Paradoxes are useful to us as artists. They have the ability to keep us engaged without strain, providing processes for us to explore that are vast, yet contained. There are many paradoxes that keep us immersed, in pre-conscious and conscious ways, in the flow of creativity.
One of the paradoxes of Sense Writing is not to write into blocks. Many people who come to a Sense Writing workshop are new writers never having written before, hesitant to even begin. But many are experienced writers who feel stuck in a particular project and want to somehow crack that part open; like a localized therapy to massage and soften a tight shoulder.
Working With Your Nervous System and Not Against It
Sense Writing explores the connections between movement, thought, emotion, and the senses, allowing people to work with their nervous systems to find places of ease and flow. So instead of taking a hand or finger to that contracted area of a story and trying to get it to release, forcing it to yield somehow (and often finding resistance), we look elsewhere. If someone is stuck in a story, we play with time and work on a section which surrounds this hardened terrain — we find other places of ease and direction. Going into one part of our writing landscape, whether real or imagined, and refining the connections between movement, thought, emotion, and the senses, supports and softens the entire landscape.
Similarly, in the Feldenkrais Method, there are also many strategies that allow you to work around difficult areas. Because Feldenkrais works directly with the nervous system and brain as a whole, for a person with an immobilized shoulder for example, there would be no prescribed sequence. Instead, the practitioner would go slowly, seeing where ease and access in movement already exist and using this ease to eventually suggests new options to the person's nervous system.
Learning (and creating) happen best in a parasympathetic state. Because the brain has contracted the muscle for a reason, it needs to be tricked out of its resistances-- with respect and tenderness. Otherwise, the softening will be shallow and temporary. As one of Feldenkrais' original students Ruthy Alon writes in “Mindful Spontaneity,” “When movement is difficult, you are entitled to the assistance of various compromises, such as partial movement, all kinds of supporting pads, rhythm change, activation from another direction, assistance from another part of your body.” (p.60) All of these have their corollaries in numerous Sense Writing sequences— and in all creative processes.
No Pickax Needed
Psychiatrist Norman Doidge, in his first book on brain plasticity, “The Brain that Changes Itself,” showed us how the brain is much more homogeneous than once thought. When one part is optimized, other parts benefit. Similarly, in our writing landscape, till one section— and soil loosens in the others. I have found this especially beneficial in the case of people who have experienced trauma. Some come to my workshops eager to write into that part of their lives they never could before. As writers and artists, we are often encouraged to go inside of places that are difficult— and dig— and often we get stuck there. Either it stops yielding or it yields too much and becomes our one voice.

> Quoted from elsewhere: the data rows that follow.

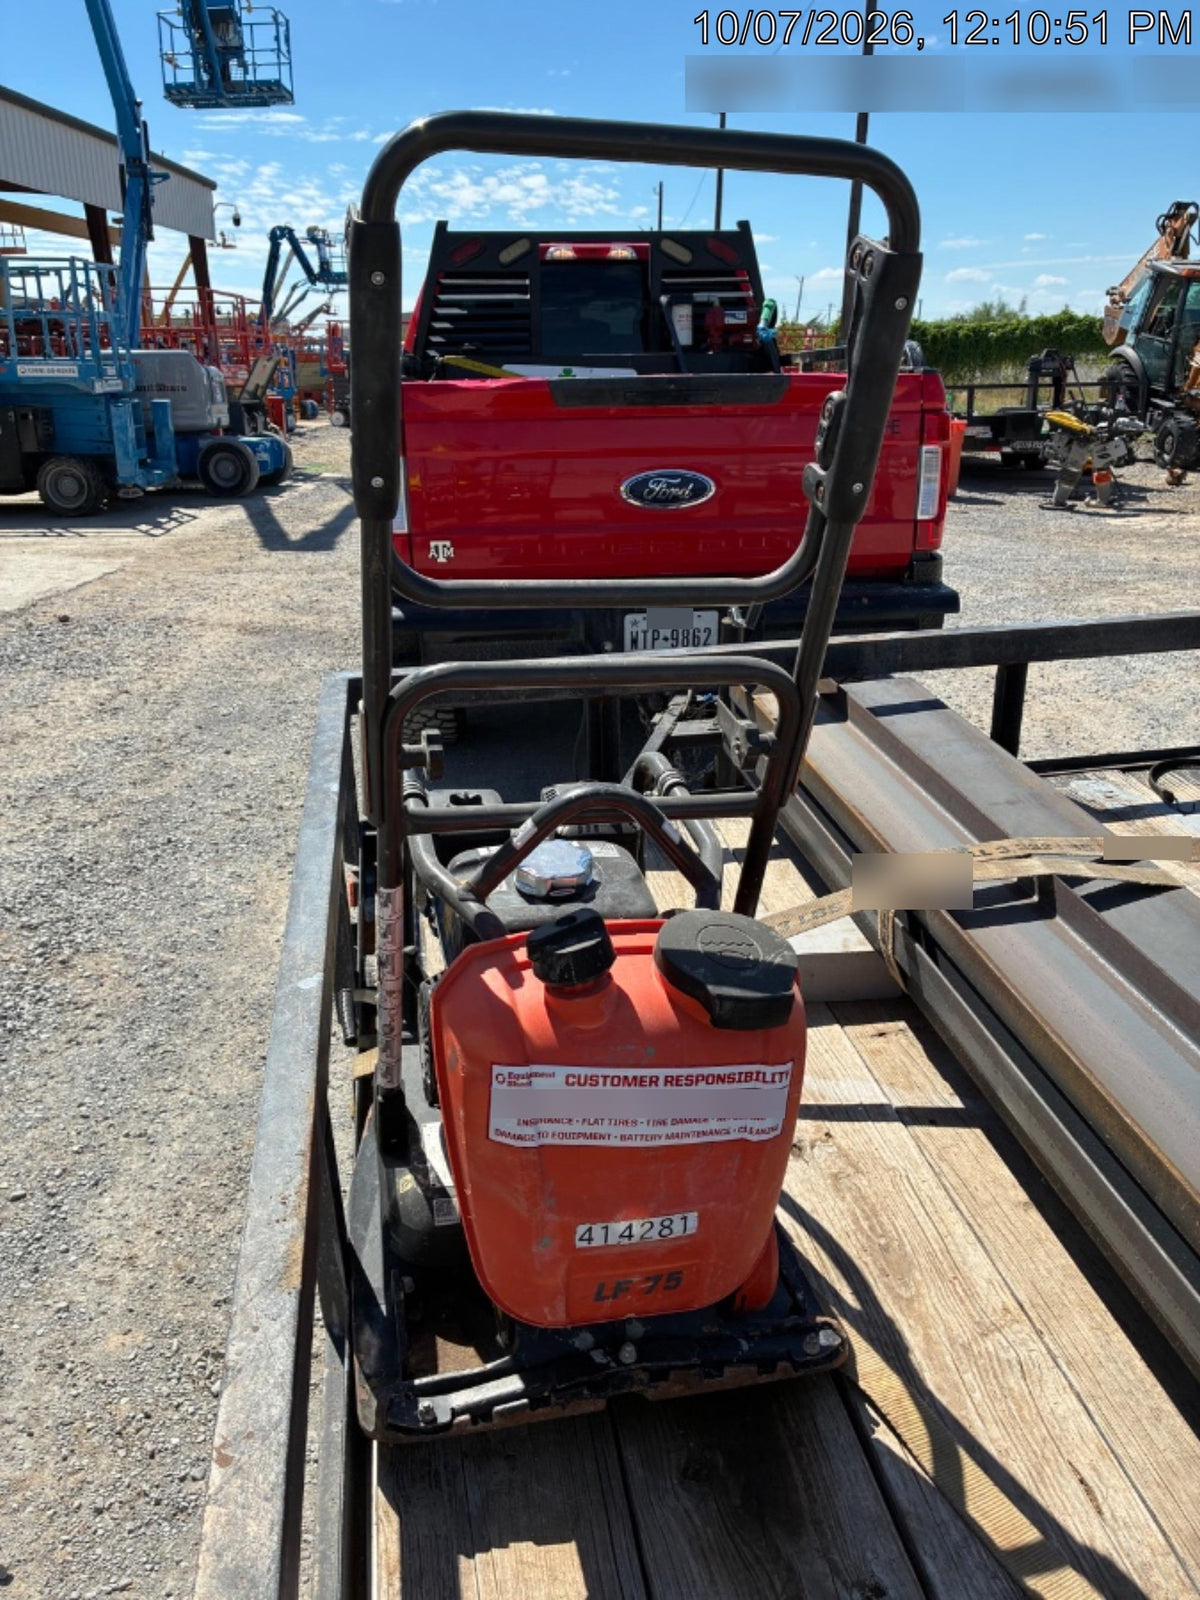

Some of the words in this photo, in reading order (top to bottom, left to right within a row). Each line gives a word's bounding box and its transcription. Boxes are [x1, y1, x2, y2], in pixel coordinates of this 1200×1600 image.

[643, 477, 694, 500] Ford
[564, 1073, 659, 1087] CUSTOMER
[581, 1118, 606, 1127] FLAT
[608, 1118, 637, 1128] TIRES
[537, 1130, 549, 1140] TO
[551, 1131, 613, 1141] EQUIPMENT
[619, 1133, 662, 1142] BATTERY
[664, 1128, 731, 1141] MAINTENANCE
[577, 1214, 688, 1246] 414281
[592, 1279, 634, 1302] LF
[643, 1269, 684, 1295] 75
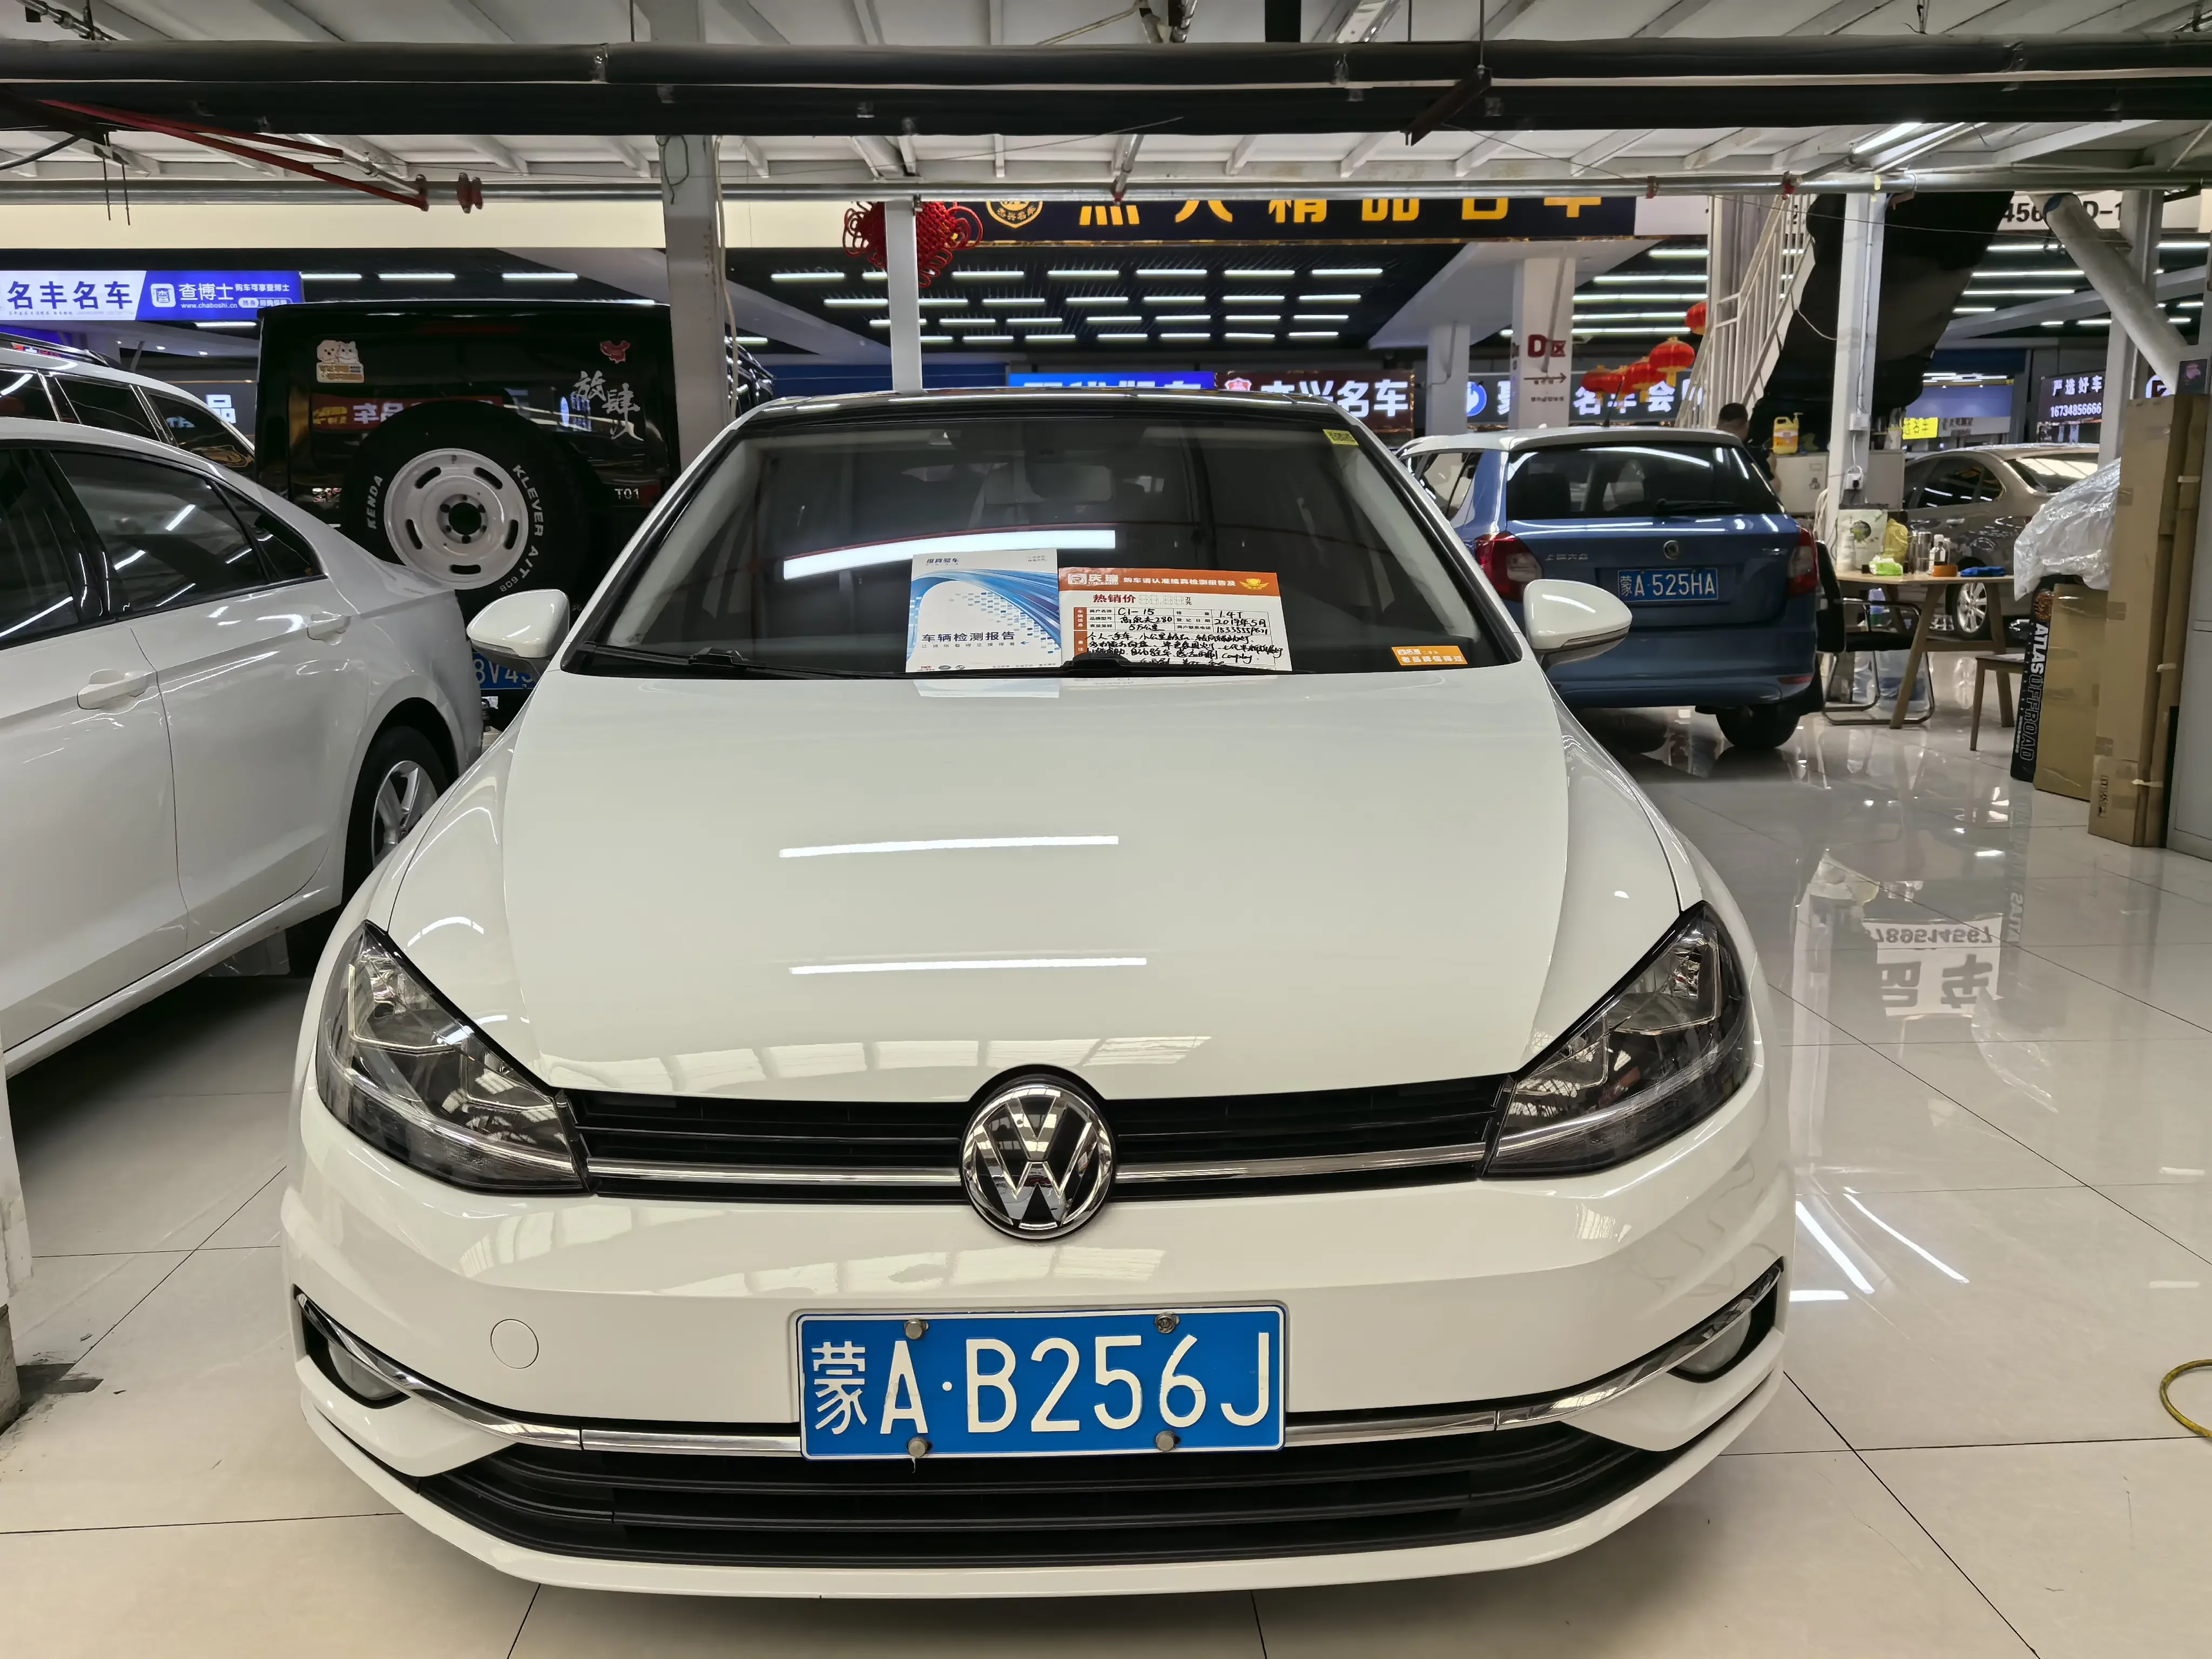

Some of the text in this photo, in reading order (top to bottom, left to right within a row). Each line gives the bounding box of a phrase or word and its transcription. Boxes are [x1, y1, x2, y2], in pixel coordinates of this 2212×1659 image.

In Sense Writing, participants are encouraged to take their time (hardened terrain is hard for a reason). By going into other stories, other times, other landscapes, they end up discovering how movement, thought, emotion, and the senses connect in any story. When it's time to circle back into what was “blocked,” the connection between viscera and narrative has strengthened, and that original block not only yields more easily, but has shifted and changed.